What a brilliant piece in response to what I thought was an interesting, if at times disagreeable, article by Kissick. You're so correct in zeroing in on the cynicism of the commercial art market. And I do wonder if, like everything in the marketable world, this trend of hyper-identity-driven art (or art whose primary purpose is to codify an identity through aesthetic means) will soften in the coming years; hopefully, the value of art created by people from marginalized identities will remain in this new trend, although it's certainly something we'll need to keep advocating for ...
I did find myself disagreeing a little with the scope of this aspect of your argument, however:
"In writing about art he finds flat, Kissick reliably quotes exhibit catalogues, artist statements, and program copy. “The text asked”; “as the catalogue puts it”; “the accompanying wall text explained” — all of these mediations cede Kissick’s critical judgment to the dynamics of what is essentially a form of advertising."
In a gallery setting (or at a Biennale, at which Kissick seems to spend a lot of his time), then yes, the purpose of that copy is advertising and its core audience is the prospective buyer.
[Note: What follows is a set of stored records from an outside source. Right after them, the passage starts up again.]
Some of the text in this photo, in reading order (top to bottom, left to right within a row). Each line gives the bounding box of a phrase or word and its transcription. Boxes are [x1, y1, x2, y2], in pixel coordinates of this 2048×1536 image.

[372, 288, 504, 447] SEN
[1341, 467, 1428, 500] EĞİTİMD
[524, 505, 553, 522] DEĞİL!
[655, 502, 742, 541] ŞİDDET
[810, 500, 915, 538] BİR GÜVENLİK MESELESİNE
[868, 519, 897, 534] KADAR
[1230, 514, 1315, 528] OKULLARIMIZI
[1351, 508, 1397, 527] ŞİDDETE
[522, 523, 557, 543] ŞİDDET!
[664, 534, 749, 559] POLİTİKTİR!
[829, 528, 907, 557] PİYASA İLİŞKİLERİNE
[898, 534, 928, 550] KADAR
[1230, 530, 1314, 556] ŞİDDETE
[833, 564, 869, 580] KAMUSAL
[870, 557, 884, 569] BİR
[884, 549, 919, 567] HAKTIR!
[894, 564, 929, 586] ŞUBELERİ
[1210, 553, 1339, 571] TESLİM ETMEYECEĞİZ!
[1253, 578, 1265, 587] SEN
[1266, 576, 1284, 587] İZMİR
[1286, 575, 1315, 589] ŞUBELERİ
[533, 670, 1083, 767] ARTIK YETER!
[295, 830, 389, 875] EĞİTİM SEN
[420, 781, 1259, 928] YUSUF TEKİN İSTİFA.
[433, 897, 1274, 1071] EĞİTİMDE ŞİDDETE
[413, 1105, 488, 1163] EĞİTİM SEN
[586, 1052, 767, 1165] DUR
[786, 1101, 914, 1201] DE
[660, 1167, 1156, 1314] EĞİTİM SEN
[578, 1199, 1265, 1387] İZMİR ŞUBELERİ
But when that same text is reproduced in a museum setting (which Kissick also includes in his sample of the art world), then its purpose becomes educational and its audience widens to the general public. It's fine to be cynical about the market dynamics of the former, but I do think we need to keep some level of sincerity when it comes to the latter.
Because, to take Kissick's most earnest point about art having a value beyond politics at its face value, it does matter how we educate audiences to receive art. Especially in America, where our education system deprioritizes arts education, museums and public-oriented galleries become even more critical institutions than they always were. If those institutions are teaching audiences to evaluate a piece of art based primarily on its politics, then those audiences are going to take away the lesson that art's primary purpose is its political objective, which ultimately seems like a backslide to pre-Enlightenment (or arguably pre-impressionist) interpretations of art, which put the highest value on a piece of art's moral messaging. And I appreciated Kissick's inclusion of art from outside the Western canon that utilizes other cultural symbols, etc., to transcendent impacts, because it's entirely possible to curate and present art in a way that celebrates the diversity of humanity without degrading the value of diversity to a political trend.
Once again, fabulous and thoughtful piece -- thank you for the work of writing it and sharing it!
To take an economic perspective for a moment, I would argue that social justice/politics/what have you actually does qualitatively change the market. Because social justice and politics are moral concerns and therefore change the way people actually produce, consume, publish, and purchase art along moral lines.
In other words, political concerns have an effect on the behavior of the individual economic actor, in ways that simple matters of novelty or style don't. Politics actually changes the way people make decisions, not just the one-by-one decisions they make -- based on whether a certain trend is met. It becomes not only un-trendy and unsophisticated to be involved with the wrong art, but morally reprehensible. And that's a hell of an economic incentive. In fact it's downright bullying.
In any case, really enjoy your writing. Very dense with meaning, very well written.